Kristoffer Borgli’s The Drama is the anti-rom-com we didn’t know we wanted—or possibly the one we secretly dread. Following his breakout surrealist hit Dream State of affairs, the Norwegian director returns with one other A24-produced movie. Zendaya and Robert Pattinson star as Emma and Charlie, a seemingly excellent engaged couple whose wedding ceremony week in Boston spirals into chaos after one drunken late-night confession. What follows isn’t your commonplace “will-they-won’t-they” fluff; it’s a black-comedy post-mortem of recent relationships, ethical hypocrisy, and the terrifying hole between who we faux to be and who we really are.
Borgli’s script is a high-wire act of cringe comedy and real unease. He borrows the nervous power of Josh Safdie’s Mary Supreme and the family-revelation gut-punches of Justine Triet’s Anatomy of a Fall, then dials the taboo dial as much as eleven.

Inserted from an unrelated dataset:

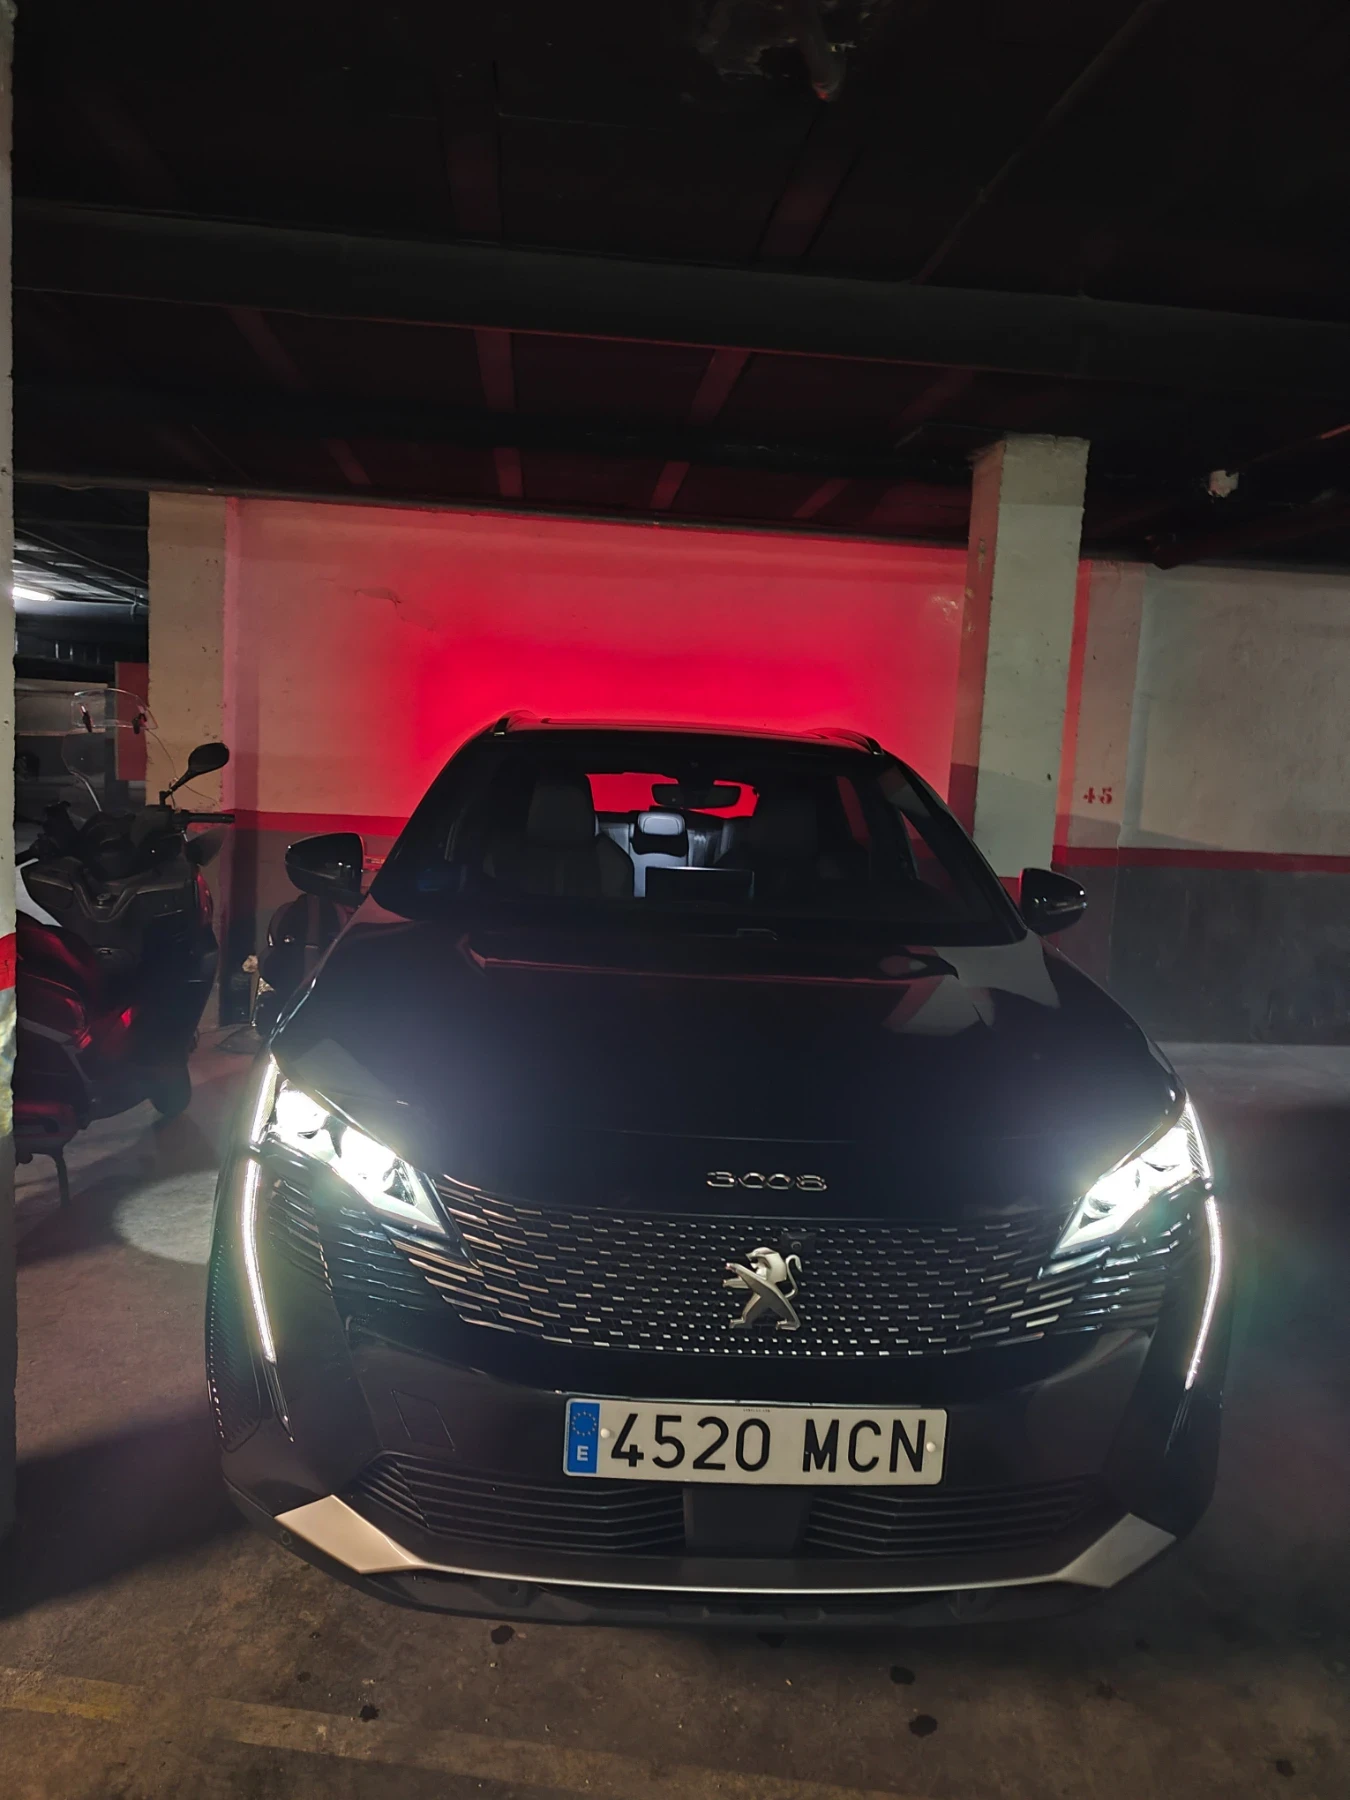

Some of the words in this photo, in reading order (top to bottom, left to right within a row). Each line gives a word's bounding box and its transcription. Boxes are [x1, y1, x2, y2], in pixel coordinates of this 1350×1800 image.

The movie delights in smashing rom-com clichés—meet-cutes, bridal showers, Instagram-perfect photograph classes—in opposition to uncooked, unflinching actuality. One sequence involving a determined wedding ceremony photographer attempting to coax smiles out of a visibly unraveling couple is laugh-out-loud mortifying in one of the best ways. The humor is imply, exact, and earned; it by no means punches down for reasonable shocks however as an alternative forces you to confront how rapidly “unconditional love” can curdle into judgment, denial, or self-preservation.
On the heart are two career-best turns. Zendaya performs Emma, and she or he does an unbelievable job. She reveals a mixture of vulnerability, rise up, and innocence, making Emma appear actual but complicated. Her tiny facial expressions and physique language are refined however highly effective, particularly when she drops the act. Robert Pattinson performs Charlie along with his traditional intense, barely messy model. His character, a history-loving artist, begins to doubt himself, and his interior battle reveals by means of. The chemistry between Zendaya and Pattinson is robust—you may actually imagine they have been as soon as head over heels in love, which makes watching their relationship disintegrate much more emotional and darkly humorous. Supporting actors like Alana Haim and Mamoudou Athie, who play their apprehensive associates, add additional depth, making group scenes tense and stuffed with sharp dialogue.

The place The Drama divides (and it’ll) is in how far it’s prepared to go. Some will name it smug or juvenile for teasing heavy themes—race, gender, violence, forgiveness—with out delivering tidy sociological lectures. Others (myself included) will applaud its nerve for refusing to hand-hold. The movie trusts the viewers to sit down within the mess and debate it afterward: Is honesty at all times the most effective coverage? Can love survive the ugliest truths? And why will we demand perfection from the folks we declare to adore most?
The Drama is a gloriously uncomfortable jolt. It’s not for date-night lovers or anybody allergic to ethical grey areas, however in the event you’re within the temper for a film that can make you squirm, giggle nervously, and textual content your group chat “we have to discuss this” on the drive dwelling, e book your tickets. Zendaya and Pattinson don’t simply promote the fantasy—they gleefully dismantle it. Simply don’t suggest proper after seeing it.
Screening at Luna Leederville and Luna on SX from April 2.